Brad Pitt and Leonardo DiCaprio Have Been Making Ceramics Together Late Into the Night at Pitt’s Sculpture Studio

The “Once Upon a Time... in Hollywood” co-stars have been bonding over sandwiches and sculpture.

Brad Pitt and Leonardo DiCaprio pose during a photocall for the film "Once Upon a Time... in Hollywood" at the Cannes Film Festival, on May 22, 2019. Photo: Christophe Simon/AFP/Getty Images.

This summer, Brad Pitt and Leonardo DiCaprio are sharing the silver screen for the first time in Quentin Tarantino’s new film Once Upon a Time… in Hollywood. But apparently the handsome megastars have also started sharing something else: Brad’s sculpture studio.

According to London website the Sun, the actors have forged a budding bromance over ceramics and sandwiches since the movie wrapped.   

“Brad’s got his own sculpting studio at his house and Leo loves coming over to use it,” a source recently told the Sun. “They sometimes hang out with Brad’s artist pals, but other times it’s just the two of them. Leo brings sandwiches over from their favorite place, Fat Sal’s, and they spend their boys’ nights creating art until the early hours.”

Pitt has been pouring himself into his burgeoning art practice since his high-profile divorce with Angelina Jolie (with whom he amassed an impressive art collection, including works by Richard Serra, Marcel Dzama, and Bansky, among others). He camped out at Thomas Houseago’s LA studio for a couple of months in 2017, spending as much as 15 hours a day learning to work with “clay, plaster, rebar, wood.” 

A real-life picture of Leo and Brad in the studio together.

“I think it was Picasso who talked about the moment of looking at the subject, and paint hitting canvas, and that is where art happens,” Pitt told GQ Style at the time. “For me I’m having a moment of getting to feel emotion at my fingertips. But to get that emotion to clay—I just haven’t cracked the surface. And I don’t know what’s coming. Right now I know the manual labor is good for me, getting to know the expansiveness and limitations of the materials. I’ve got to start from the bottom, I’ve got to sweep my floor, I’ve got to wrap up my shit at night, you know?”
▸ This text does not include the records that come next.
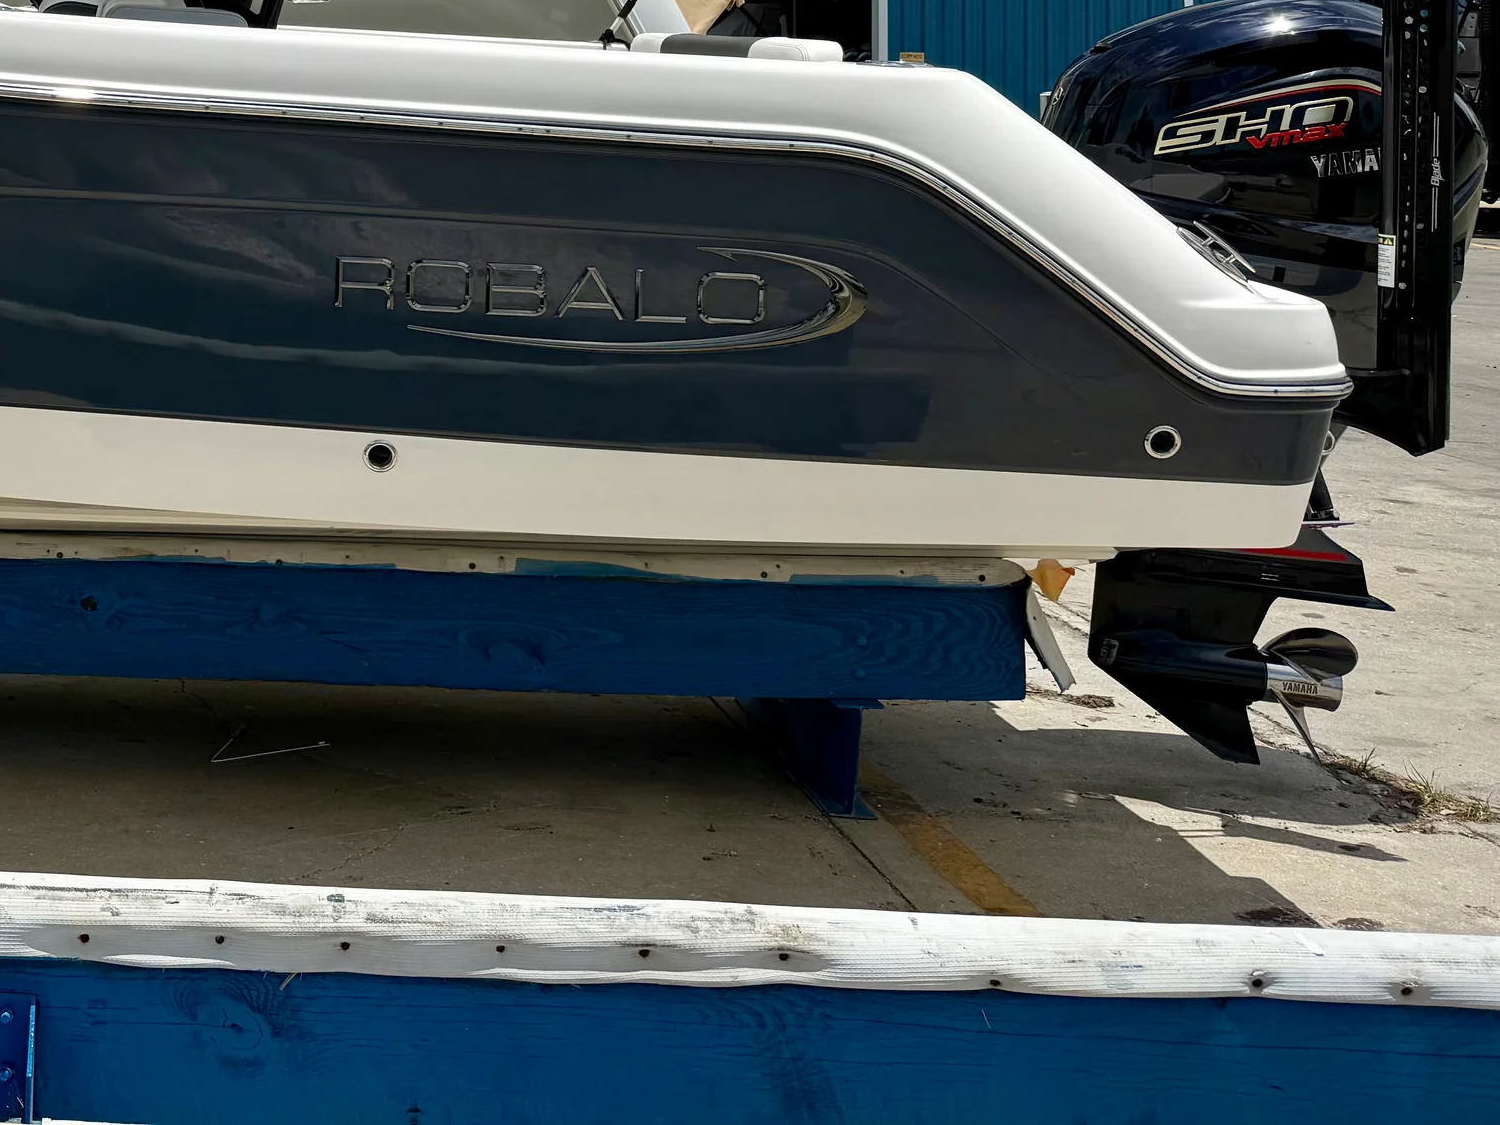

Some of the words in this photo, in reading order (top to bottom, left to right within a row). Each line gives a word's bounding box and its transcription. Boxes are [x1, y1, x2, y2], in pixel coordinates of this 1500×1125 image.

[1153, 96, 1354, 155] SHO
[1310, 147, 1381, 178] YAMA
[1431, 158, 1445, 186] Blade
[334, 255, 767, 325] ROBALO
[1282, 681, 1318, 695] YAMAHA
Soon thereafter, Pitt built a studio of his own in his Los Angeles home, and his relationship to art has only grown from there. The actor has been seen making the rounds at this year’s Venice Biennale (with Houseago) and Frieze LA, and in April he lobbied in favor of the contentious plans for a new LACMA building at the museum’s board meeting. 

Leo, of course, has had a foot in the art world for years now, emerging as one of the country’s preeminent collectors. He’s also a reliable sighting on the fair circuit (though, unlike Pitt, he does not welcome selfies), and is known to shop around at many big-name galleries for new finds.

Yet, his “boys nights” with Brad are, as far as we know, his first foray into art-making. (Unless, of course, you count this Titanic moment. Which we do.) While others are busy photoshopping the actors’ chiseled mugs atop Demi Moore and Patrick Swayze or wondering about their go-to sandwich order, the question we’re dying to know is, What does their art look like?!